A new study, released Tuesday exclusively to The Associated Press, puts the total at $218 billion last year — the first comprehensive estimate of the financial toll diabetes takes, according to Danish pharmaceutical company Novo Nordisk A/S, which paid for the study.
That figure includes direct medical care costs, from insulin and pills for controlling patients’ blood sugar to amputations and hospitalizations, plus indirect costs such as lost productivity, disability and early retirement.
The study, conducted by the Lewin Group consultants, estimates costs to society for people known to have Type 1 or Type 2 diabetes at $174.4 billion combined, a total previously reported by Novo Nordisk, the world’s top producer of insulin and the maker of diabetes pills such as NovoNorm and Prandin. That study was done with the American Diabetes Association.
The new study adds estimates for people who haven’t been diagnosed yet ($18 billion), women who develop diabetes temporarily during pregnancy ($636 million) and those on track to develop diabetes, an increasingly common condition called pre-diabetes ($25 billion).

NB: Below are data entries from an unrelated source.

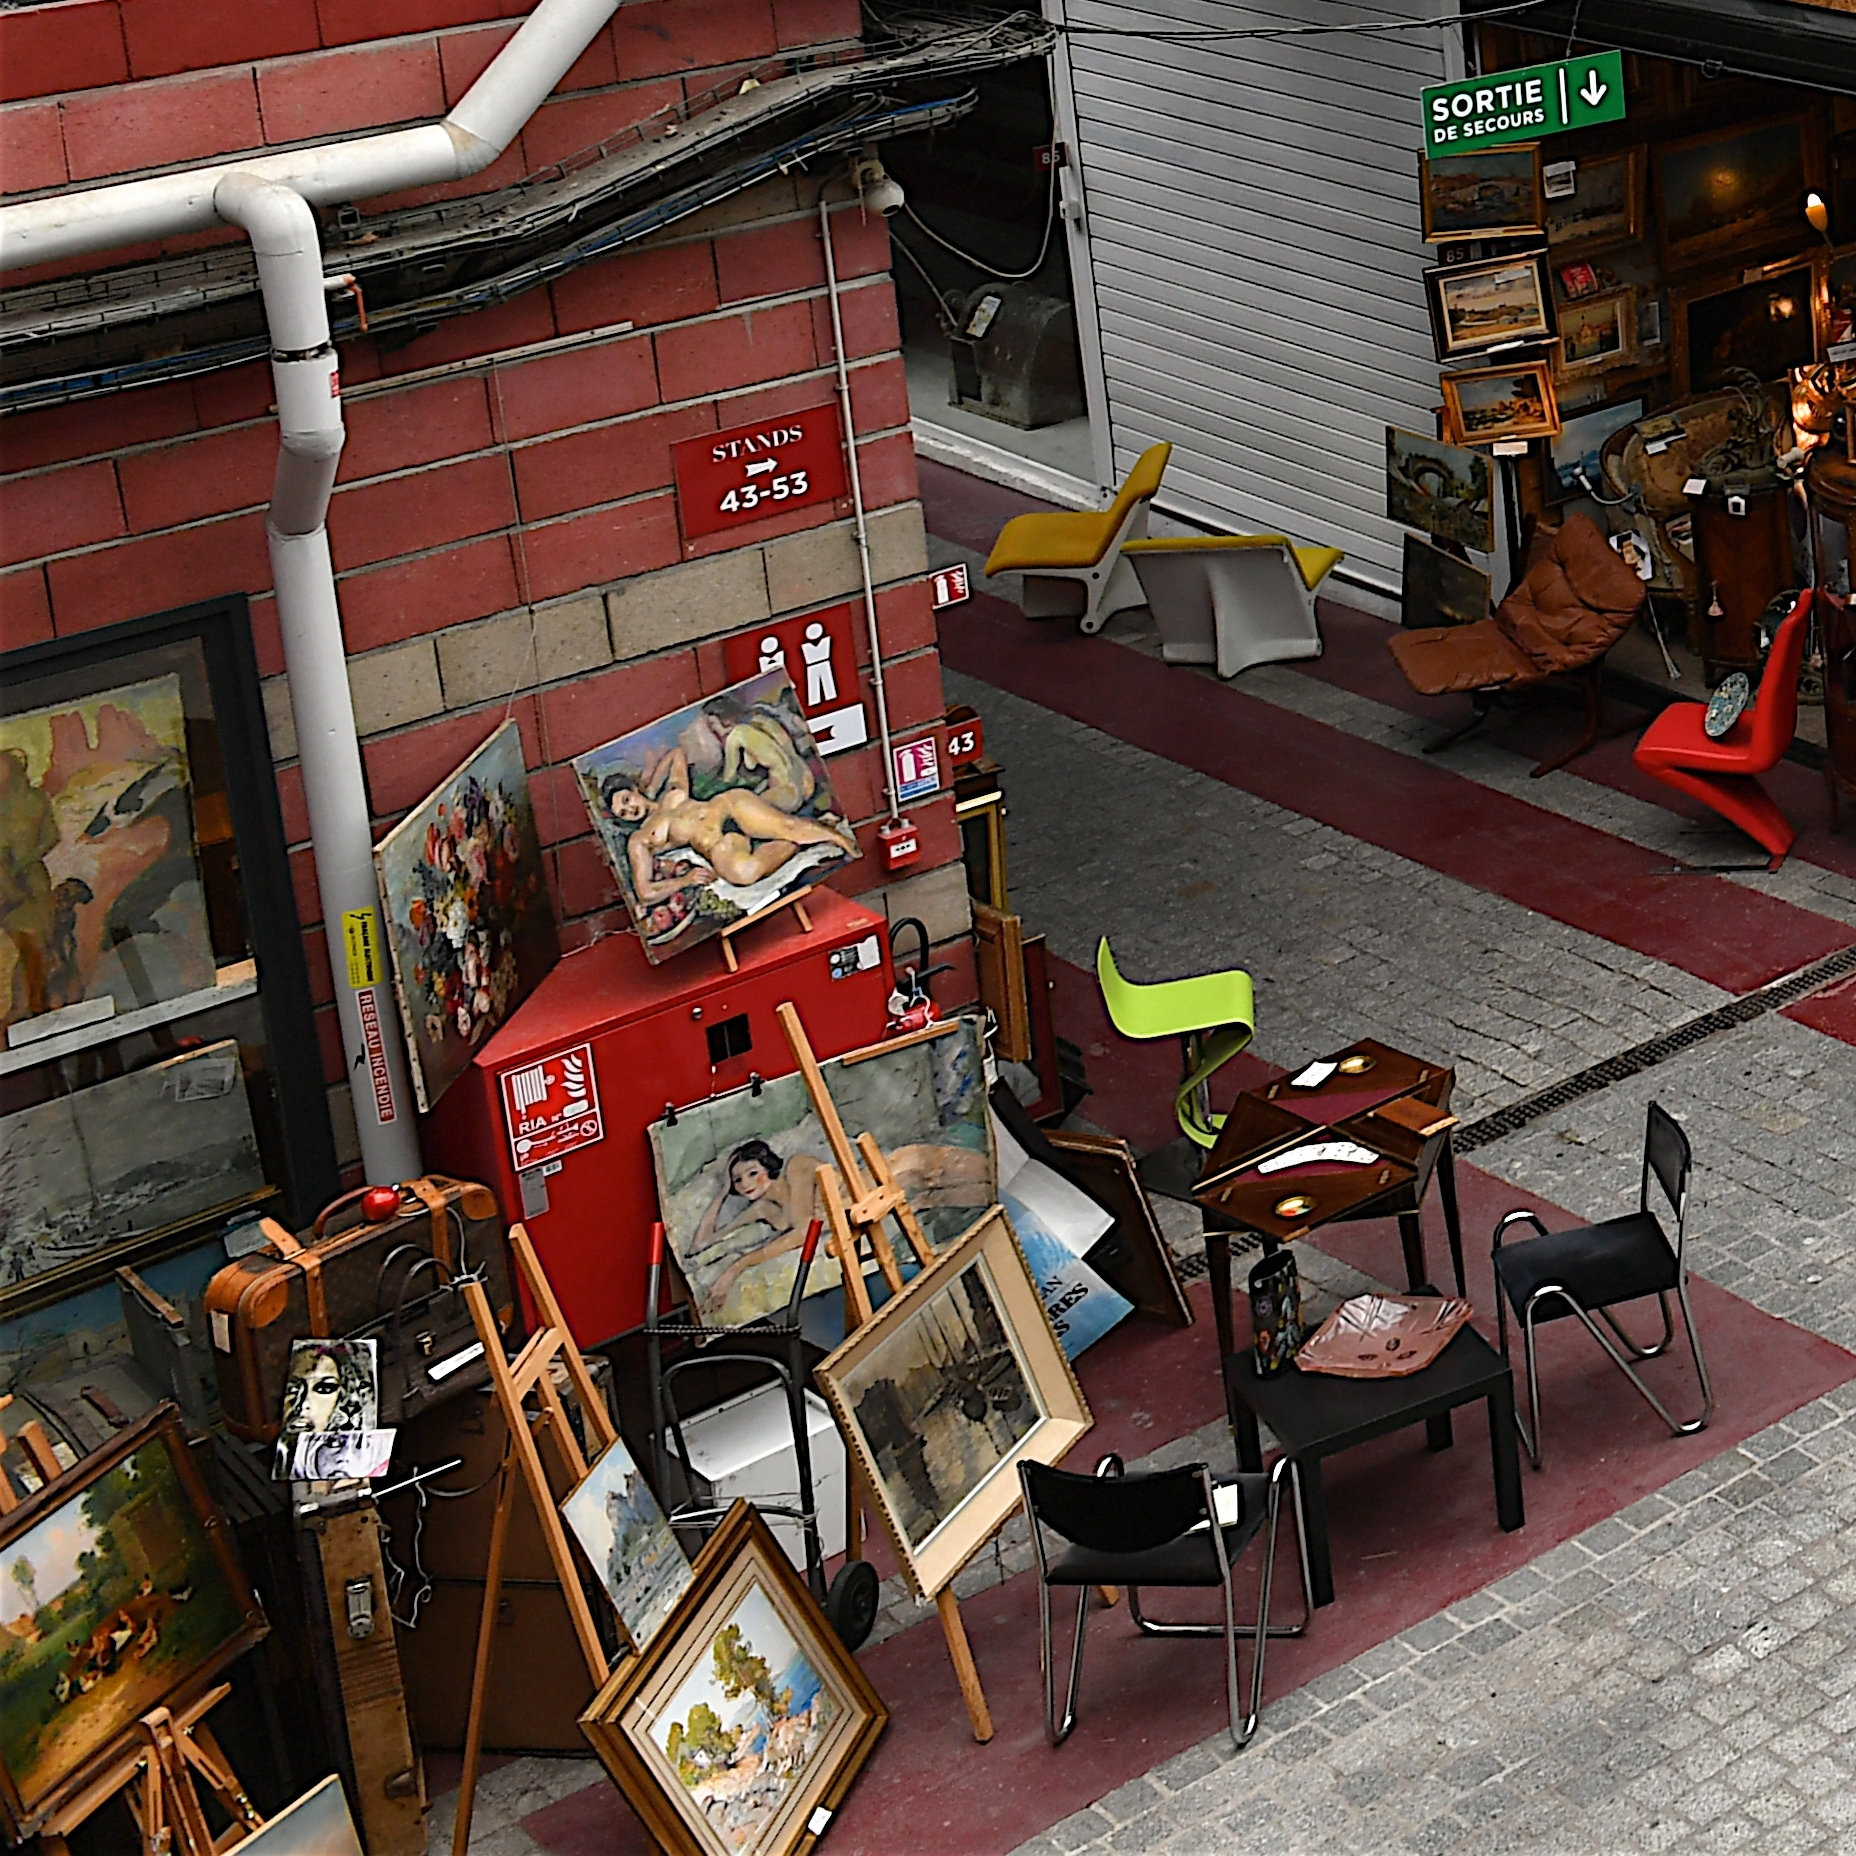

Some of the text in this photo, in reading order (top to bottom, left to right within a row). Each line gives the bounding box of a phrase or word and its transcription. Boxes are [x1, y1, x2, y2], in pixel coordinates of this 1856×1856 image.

[1432, 79, 1543, 122] SORTIE
[1433, 108, 1545, 144] DE SECOURS
[1446, 247, 1465, 263] 85
[712, 424, 803, 463] STANDS
[719, 470, 809, 513] 43-53
[948, 731, 975, 756] 43
[360, 993, 394, 1119] RESEAU INCENDIE
[519, 1116, 548, 1135] RIA

“Diabetes has not seen a decline or even a plateauing, and the death rate from diabetes continues to rise,” said Dana Haza, senior director of the National Changing Diabetes Program, an effort Novo Nordisk began in 2005 to improve diabetes care and prevention in the U.S.

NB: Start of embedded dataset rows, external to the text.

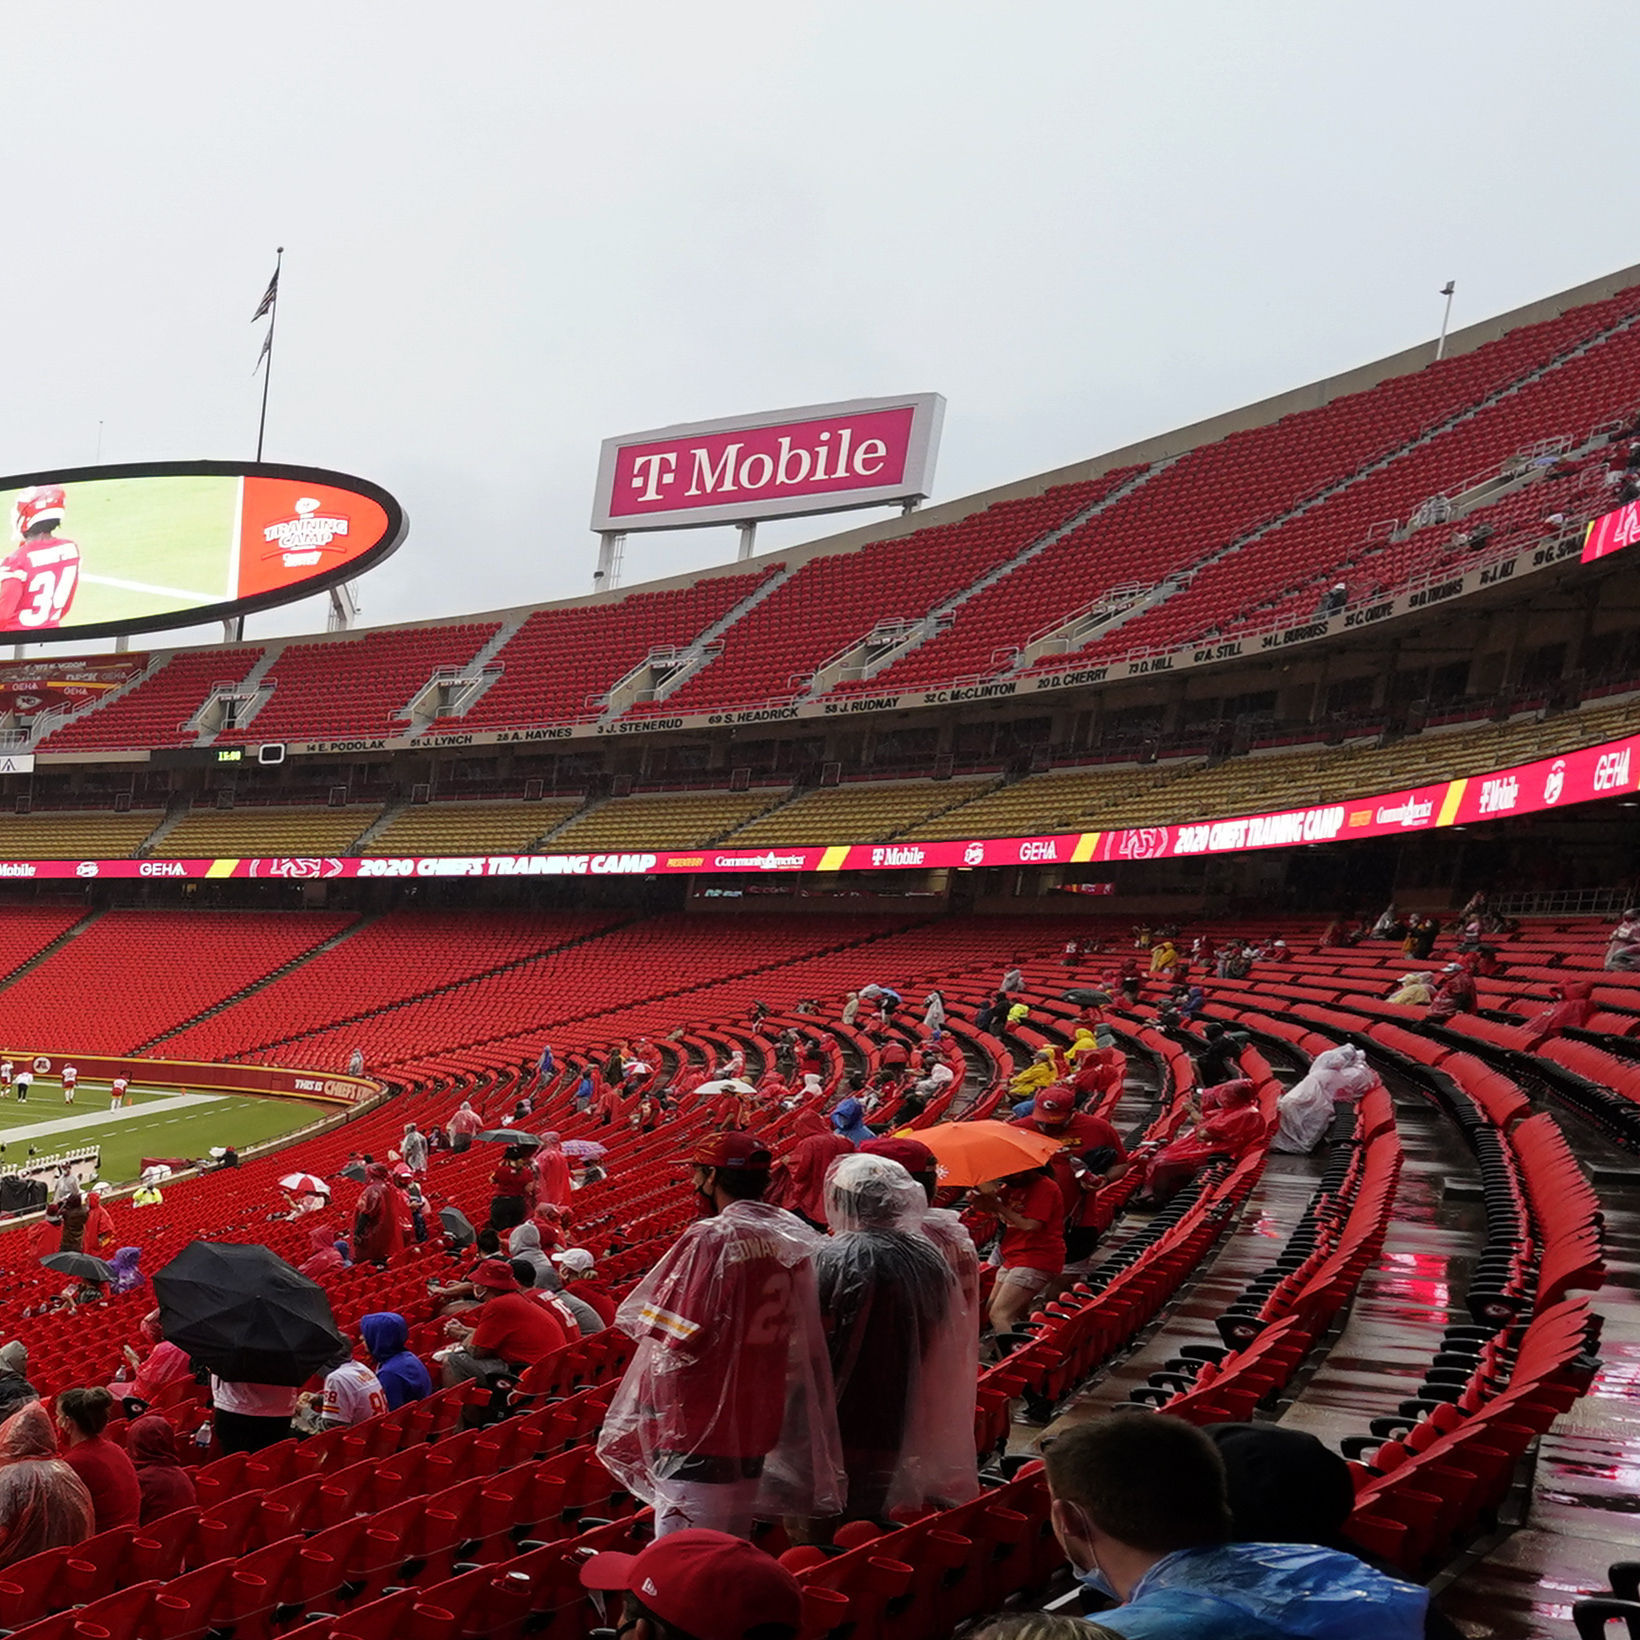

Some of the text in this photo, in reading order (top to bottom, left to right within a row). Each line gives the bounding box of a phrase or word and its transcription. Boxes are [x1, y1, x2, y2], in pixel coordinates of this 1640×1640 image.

[685, 428, 886, 496] Mobile
[264, 518, 348, 542] TRAINING
[279, 532, 334, 548] CAMP
[1499, 559, 1517, 580] ALT
[1217, 642, 1243, 658] STILL
[1129, 657, 1173, 674] 73 D. HILL
[1038, 668, 1108, 689] 20 D. CHERRY
[64, 687, 88, 695] GEHA
[938, 692, 948, 703] C.
[950, 682, 1016, 702] McCLINTON
[839, 697, 899, 713] J. RUDNAY
[708, 707, 798, 725] 69 S. HEADRICK
[512, 728, 572, 741] A. HAYNES
[608, 719, 683, 734] J. STENERUD
[319, 740, 385, 752] E. PODOLAK
[422, 738, 432, 747] J.
[434, 735, 472, 746] LYNCH
[1594, 748, 1630, 792] GEHA
[1173, 806, 1345, 854] 2020 CHIEFS TRAINING CAMP
[715, 851, 805, 868] CommunityAmerica
[885, 847, 923, 865] Mobile
[1020, 841, 1057, 861] GEHA
[140, 863, 187, 876] GEHA
[357, 854, 656, 877] 2020 CHIEFS TRAINING CAMP
[295, 1079, 314, 1090] THIS
[314, 1081, 323, 1091] IS
[324, 1080, 357, 1099] CHIEFS

“The numbers just keep going higher and higher, and what we want to say is, ‘It’s time for government and businesses to focus on it,’” said Haza, who believes diabetes will be the country’s biggest health problem in the future, worsened by the obesity epidemic.
Novo Nordisk is to present the data Tuesday at a health care conference for corporate executives and then plans to publish a full report in a professional journal. The calculations are based on numbers from sources including databases on treatment of people with commercial insurance, Medicare and Medicaid, federal public health surveys and other sources.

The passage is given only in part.